Türkiye’de 1914 yılında sadece 4 traktör vardı ve üçü Adana’da biri ise Aydın ilinde bulunmaktaydı. Değişimin boyutunu anlamak için Türkiye’de 2019 yılındaki toplam traktör sayısının 1.36 milyon adet olduğunu söylemek yeterli olacaktır. Türkiye’den 1979’da ilk defa traktör ihracatı yapılmıştır. Günümüz tarımında tarımsal alet ve makine kullanımı oldukça yaygındır.

GÜBRE VE SU
Osmanlının geç döneminde gübre kullanımın yetersiz olduğu belirtilmektedir. Sanayi devrimi sonrasında modern kimyanın gelişmesi ile gübrelemenin ve tarımsal ilaçların önemi anlaşılmış ve suni gübre ve tarımsal ilaç kullanımı yaygınlaşmıştır. Türkiye’de 6 Kasım 1952 tarihinde, Gübre Fabrikaları Türk Anonim Şirketi’nin (GÜBRETAŞ) kurulması kararını alınır ve 1954’de ilk gübre fabrikası kurulmuştur. Girdi kullanımının iyileşmesi sonucunda tarımsal üretim de beklenende fazla artışlar olmuştur. Bu durum artan nüfusun gıda temininin karşılanmasında önemlidir. Ancak günümüzde üreticiler tarımsal üretimde girdi olarak kimyasal (gübre ve ilaç) kullanımı konusunda maliyetlerin yüksek olduğundan yakınmaktadır. Modern sulama tekniklerinin gelişmesi de tarımı derinden etkilemiştir. Ülkemizde modern sulama yöntemlerinin kullanımı gittikçe tercih edilmektedir.

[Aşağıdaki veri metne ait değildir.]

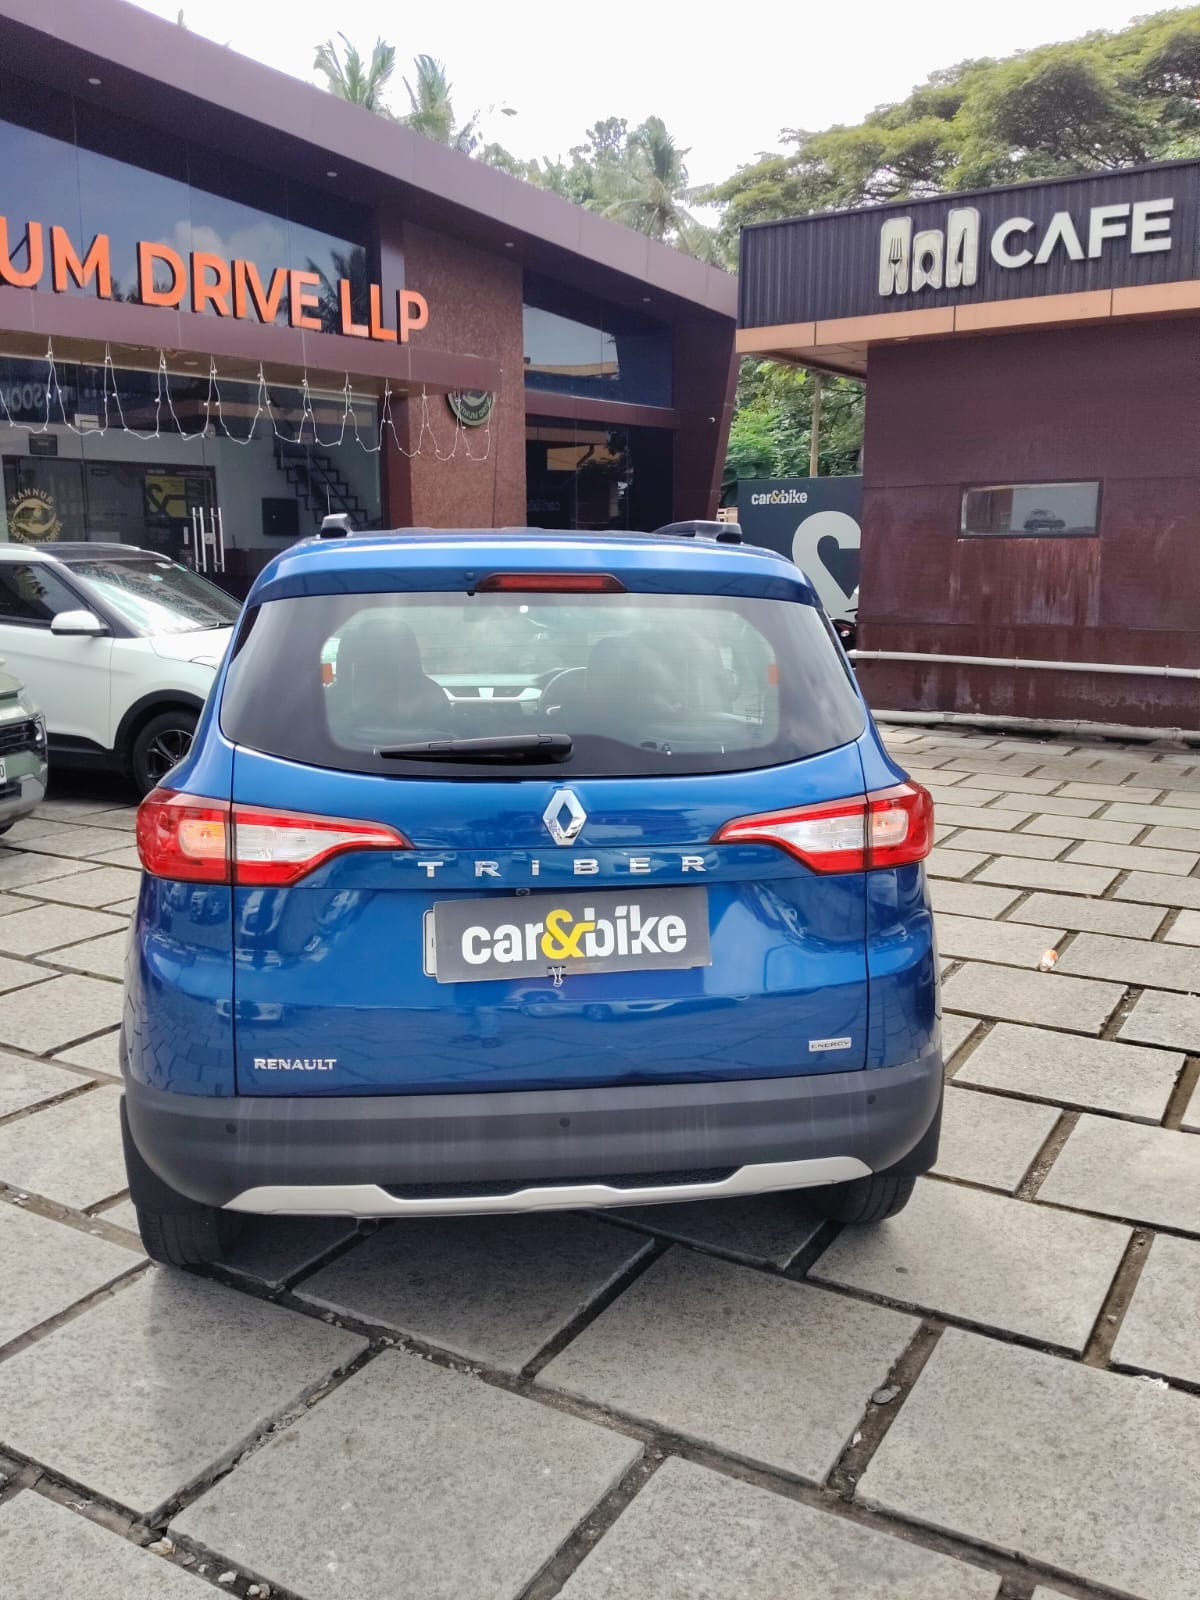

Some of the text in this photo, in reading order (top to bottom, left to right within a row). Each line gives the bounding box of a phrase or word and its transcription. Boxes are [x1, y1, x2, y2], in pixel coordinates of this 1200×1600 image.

“TARIMDA EN ÖNEMLİ SORUNLARDAN BİRİ ÖRGÜTLENME”
Tarım kesiminde en önemli sorunlardan biri de örgütlenmedir. Bu konuda Cumhuriyet döneminde de önemli gelişmeler olmuştur. Cumhuriyet’in kurulmasından itibaren kooperatifçiliğin yetersizliği bütün çiftçiler için büyük bir sorundu. 1935 yılında Tarım Satış Kooperatifleri yasası (2836 sayılı) Tarım Kredi Kooperatifçiliğe yön ve şekil vermede etkili oldu. 1935 yılında üzüm piyasasını düzenlemek ve ihracatı geliştirmek amacıyla Tariş Üzüm Kurumu Limited Şirketi kuruldu. Günümüzde tarımsal örgütler oldukça yaygındır.

“TARIMSAL ÜRÜNLERİ PAZARLAMA KADİM BİR SORUNDUR”
Tarımsal ürünleri pazarlama kadim bir sorundur. Şöyle ki Dünyada 1929’deki büyük ekonomik bunalımı (Büyük iktisadi Buhran) 1927 yılında hissedilmeye başlandı. Bu dönemde üzüm fiyatları yavaş yavaş düşmeye başladı. Ekonomik Bunalım başlamadan önce 1925 yılında Rumlar, Avrupa kamuoyunda İzmir üzümlerinin temiz olmadığını (bugünde domates, limon vd. için yapılmakta) belirten propagandalar yapmaya başlamışlardı. Avrupa’da üzümler küçük paketler halinde satılmaktaydı. ABD’li üzüm üreticileri üzümleri paketleme yapma konusunda Türkiye’dekilerden daha ileri seviyedeydi. Bu üzüm ihracatı ve üzümlerin Avrupa’ya tanıtılması için devlet kaynak (para) ayırıyordu. Günümüzde de en önemli sorun tarımsal ürünlerin pazarlamasıdır. Yazının başında belirttiğimiz Malthus’un öngörüsü modern tarım uygulamaları sayesinde gerçekleşmemiştir. Bugün 8 milyar dünya ve 83 milyon Türkiye nüfusunun gıda ihtiyacı (adaletsiz dağılım hariç) düzenli olarak sağlanmaktadır.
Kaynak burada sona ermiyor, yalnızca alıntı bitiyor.